Print each entry in full, word for word, with no pictures in the result.

Records drawn from a dataset
BEGIN

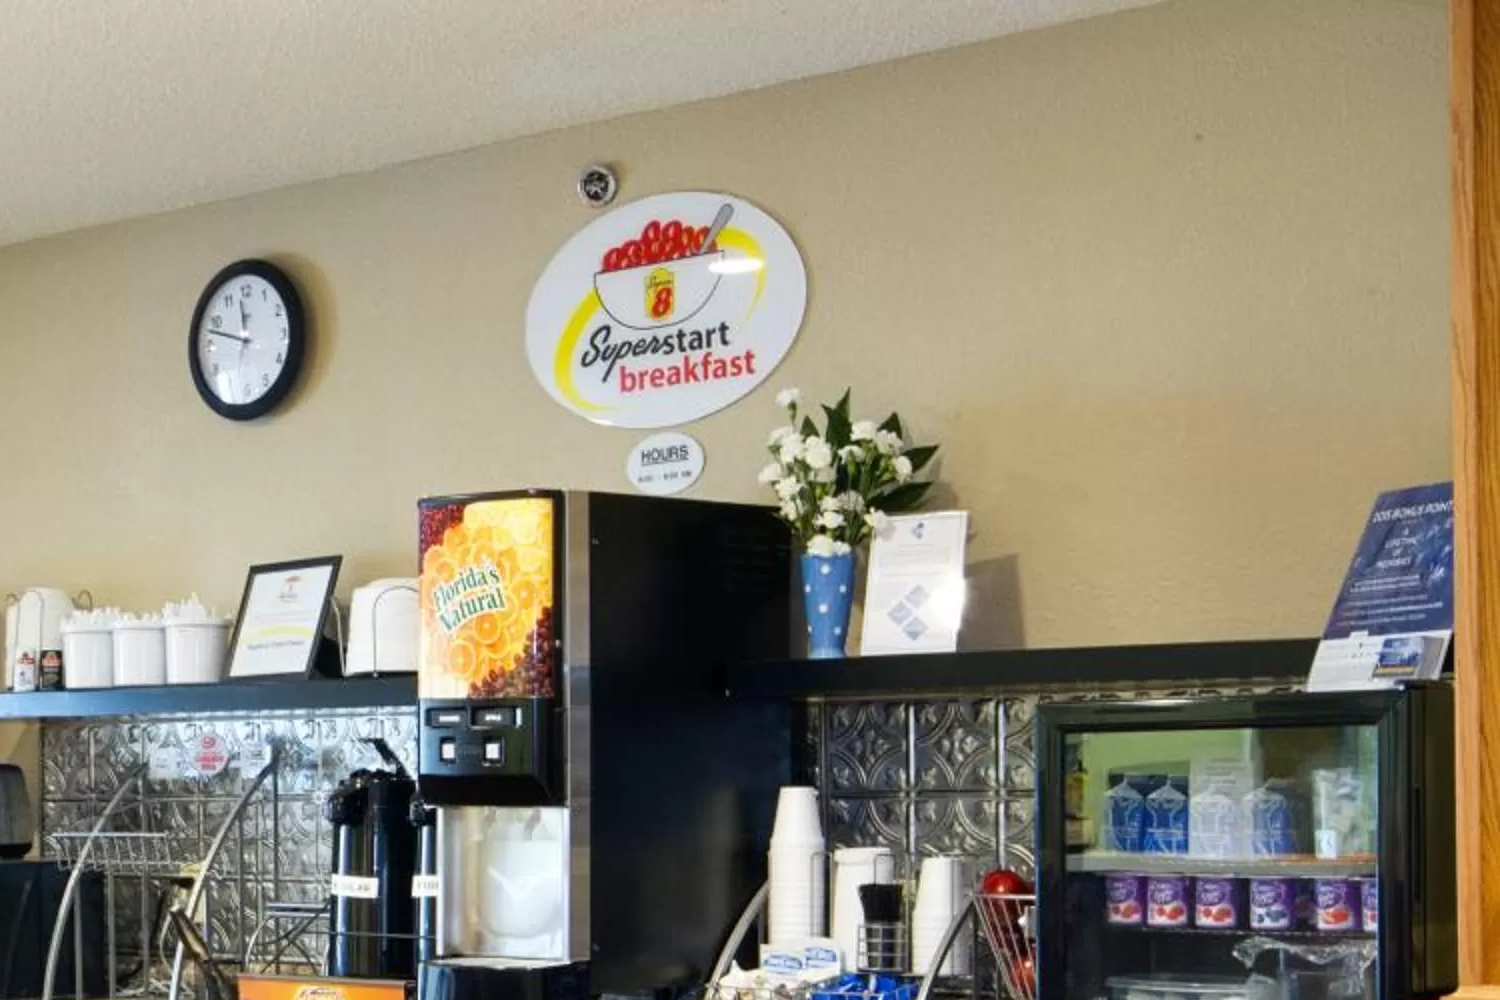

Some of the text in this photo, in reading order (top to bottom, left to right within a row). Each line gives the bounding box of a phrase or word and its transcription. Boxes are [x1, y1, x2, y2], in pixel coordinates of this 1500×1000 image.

[652, 287, 672, 318] 8
[581, 322, 730, 383] Superstart
[619, 349, 757, 393] breakfast
[641, 444, 690, 464] HOURS
[433, 566, 501, 611] Florida's
[440, 587, 506, 631] Natural
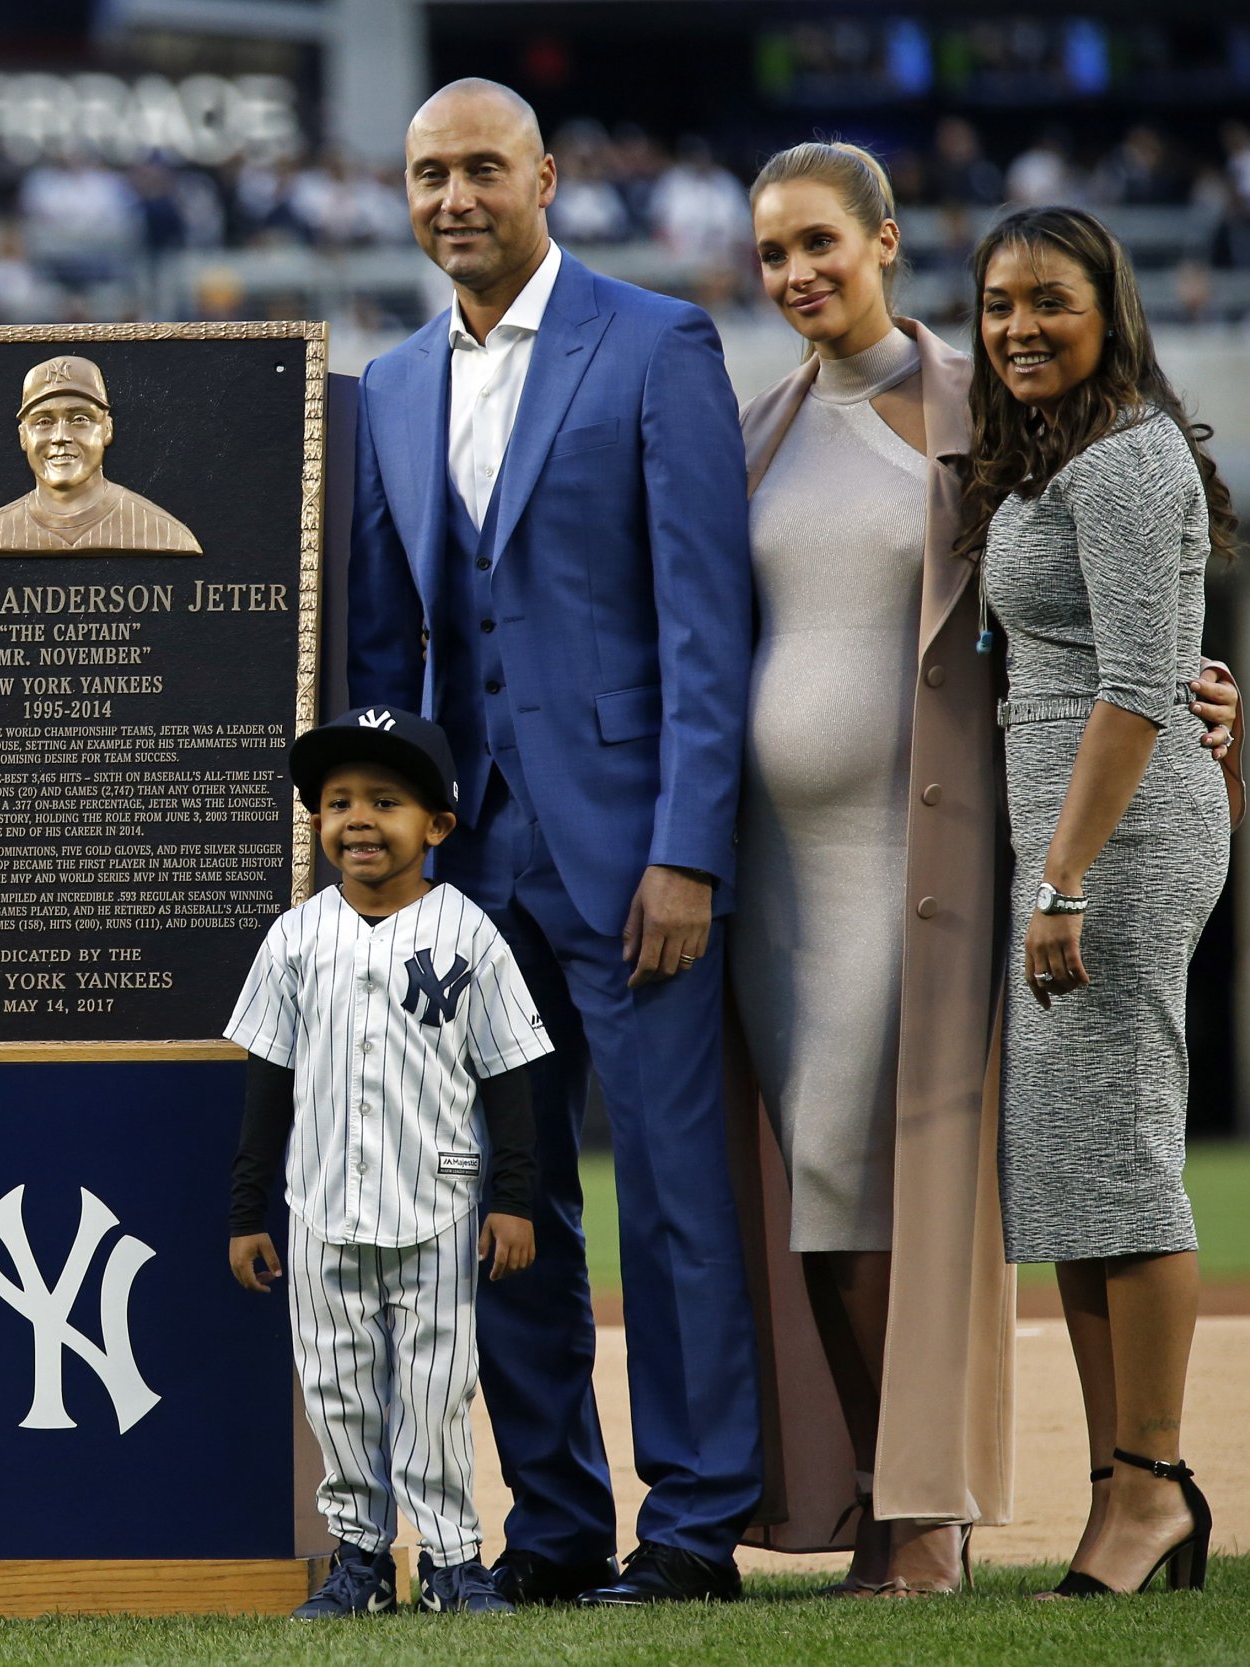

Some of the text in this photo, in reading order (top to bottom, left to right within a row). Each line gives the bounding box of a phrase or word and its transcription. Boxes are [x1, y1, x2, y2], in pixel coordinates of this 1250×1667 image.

END

## [Completed exercise]
Some of the text in this photo, in reading order (top to bottom, left to right within a row). Each line gives the bounding box of a phrase or word and its transcription. Boxes are [x1, y1, x2, y2], in pixel coordinates of this 1500×1000 image.

[652, 287, 672, 318] 8
[581, 322, 730, 383] Superstart
[619, 349, 757, 393] breakfast
[641, 444, 690, 464] HOURS
[433, 566, 501, 611] Florida's
[440, 587, 506, 631] Natural

Some of the text in this photo, in reading order (top to bottom, left to right within a row). Each line gives the bounding box of a phrase or word and its transcription. Boxes are [x1, y1, x2, y2], in pixel coordinates of this 1250×1667 image.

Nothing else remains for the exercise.